RECORDS SUPPLIED Block Start

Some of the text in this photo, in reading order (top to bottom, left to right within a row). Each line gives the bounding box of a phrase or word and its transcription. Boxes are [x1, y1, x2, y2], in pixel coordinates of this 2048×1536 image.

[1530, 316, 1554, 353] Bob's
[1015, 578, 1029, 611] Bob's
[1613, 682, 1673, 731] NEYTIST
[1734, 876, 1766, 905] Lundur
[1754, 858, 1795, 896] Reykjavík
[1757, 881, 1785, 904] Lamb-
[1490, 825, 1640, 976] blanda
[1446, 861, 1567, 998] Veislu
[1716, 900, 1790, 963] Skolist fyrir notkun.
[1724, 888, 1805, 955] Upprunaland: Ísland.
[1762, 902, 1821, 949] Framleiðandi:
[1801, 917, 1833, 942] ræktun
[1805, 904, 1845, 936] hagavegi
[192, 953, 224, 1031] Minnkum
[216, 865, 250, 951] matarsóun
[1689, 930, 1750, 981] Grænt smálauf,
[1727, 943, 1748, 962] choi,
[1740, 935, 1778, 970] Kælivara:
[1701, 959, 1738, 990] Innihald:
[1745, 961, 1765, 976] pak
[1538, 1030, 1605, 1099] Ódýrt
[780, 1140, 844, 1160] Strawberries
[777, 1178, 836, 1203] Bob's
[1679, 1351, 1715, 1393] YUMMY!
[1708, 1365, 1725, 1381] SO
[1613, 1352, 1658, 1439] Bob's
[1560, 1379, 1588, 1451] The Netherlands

RECORDS SUPPLIED Block End

» EXERCISE DESCRIPTION
Please return the material above exactly as written.

» ANSWER TO THE EXERCISE
Some of the text in this photo, in reading order (top to bottom, left to right within a row). Each line gives the bounding box of a phrase or word and its transcription. Boxes are [x1, y1, x2, y2], in pixel coordinates of this 2048×1536 image.

[1530, 316, 1554, 353] Bob's
[1015, 578, 1029, 611] Bob's
[1613, 682, 1673, 731] NEYTIST
[1734, 876, 1766, 905] Lundur
[1754, 858, 1795, 896] Reykjavík
[1757, 881, 1785, 904] Lamb-
[1490, 825, 1640, 976] blanda
[1446, 861, 1567, 998] Veislu
[1716, 900, 1790, 963] Skolist fyrir notkun.
[1724, 888, 1805, 955] Upprunaland: Ísland.
[1762, 902, 1821, 949] Framleiðandi:
[1801, 917, 1833, 942] ræktun
[1805, 904, 1845, 936] hagavegi
[192, 953, 224, 1031] Minnkum
[216, 865, 250, 951] matarsóun
[1689, 930, 1750, 981] Grænt smálauf,
[1727, 943, 1748, 962] choi,
[1740, 935, 1778, 970] Kælivara:
[1701, 959, 1738, 990] Innihald:
[1745, 961, 1765, 976] pak
[1538, 1030, 1605, 1099] Ódýrt
[780, 1140, 844, 1160] Strawberries
[777, 1178, 836, 1203] Bob's
[1679, 1351, 1715, 1393] YUMMY!
[1708, 1365, 1725, 1381] SO
[1613, 1352, 1658, 1439] Bob's
[1560, 1379, 1588, 1451] The Netherlands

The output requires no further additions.